Salt substitution for hypertension helps lower cardiovascular risks

A study published on Sept 16, 2021, in the New England Journal of Medicine suggests that offering a salt substitute for people with high blood pressure or a previous stroke can lower blood pressure and reduce the risk of cardiovascular events.1

Hypertension, or high blood pressure, affects about 45% of American adults and increases the risks for stroke, heart failure, chronic kidney disease, and other serious health problems.2 

Hypertension and dietary salt controversy

High salt intake is among known hypertension causes, and the CDC, WHO, American College of Cardiology, and other bodies recommend that most people lower their salt intake to prevent hypertension and cardiovascular disease.3,4 Debates over how low salt intake should be, and how aggressively hypertension should be controlled, have raged for years.5,6 The new study, called the Salt Substitute and Stroke Study (SSaSS), is larger than previous similar studies and so adds valuable data to the discussion.8

Recent developments

Two other recent developments related to hypertension help highlight the importance of hypertension and the growing understanding of its treatment. 

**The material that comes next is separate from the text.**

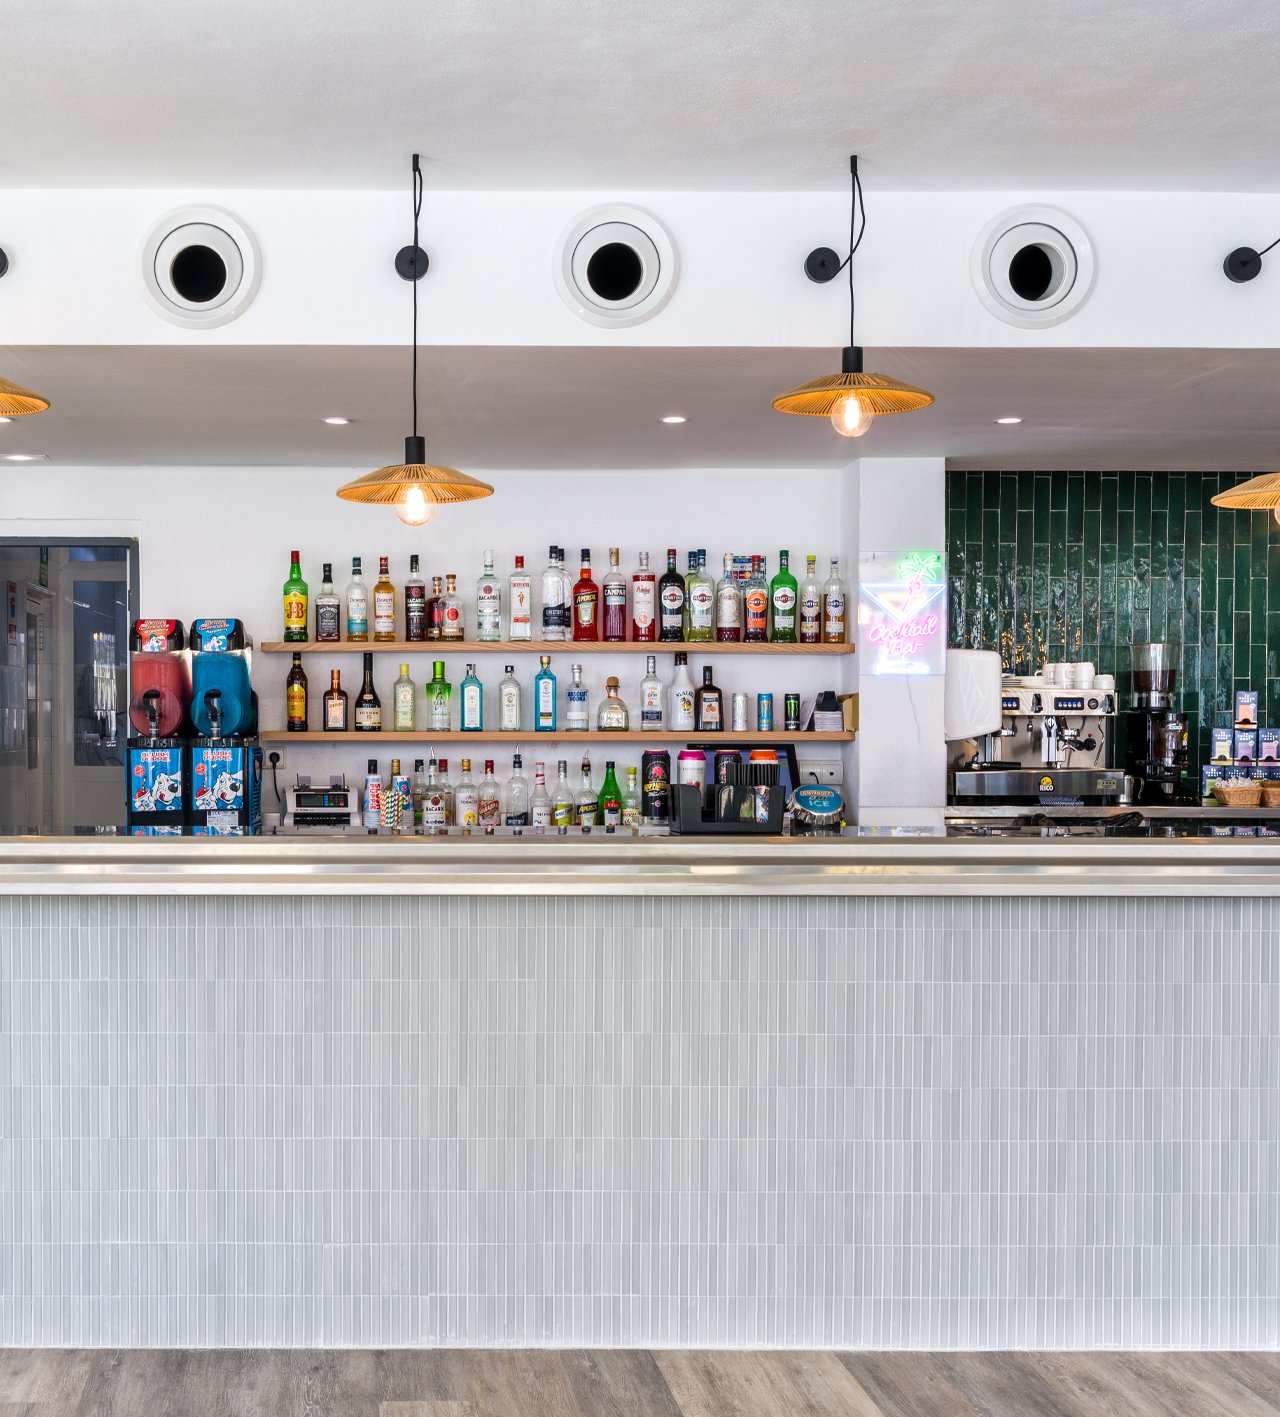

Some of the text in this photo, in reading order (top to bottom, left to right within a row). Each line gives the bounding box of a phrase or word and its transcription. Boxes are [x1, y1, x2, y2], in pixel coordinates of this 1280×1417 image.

[576, 594, 596, 603] APEROL
[869, 615, 938, 642] Cocktail
[887, 640, 923, 656] Bar

First, the US Preventive Services Task Force (USPSTF) has been studying the evidence for and against screening US adults for hypertension since 2018. The Task Force released its Final Evidence Review for hypertension screening on April 27, 2021, based on considerations of the accuracy of blood pressure measurement in the doctor’s office, benefits and possible harms of early detection, and comments received from the public.7
The USPSTF analysis reaffirmed the importance of hypertension screening in US adults. This can be done with a simple blood pressure reading done in the doctor’s office, followed by confirmation of the diagnosis before starting treatment.7

Second, the results from the STEP trial of intensive vs. standard blood pressure control were reported on September 30, 2021, in the New England Journal of Medicine. This study, conducted in 8511 Chinese participants between the ages of 60 and 80, all of whom had hypertension, found that the intensive treatment led to a lower rate of cardiovascular events compared with standard treatment.6

These results provide confirmation for the results of the US-based SPRINT trial and extend its results to an older group of patients. The SPRINT trial, which concluded in 2015, tested standard versus intensive control of hypertension in people with cardiovascular risk factors. Both the SPRINT and STEP trials ended up being stopped early because of the success of the intensive treatment in preventing cardiovascular events. 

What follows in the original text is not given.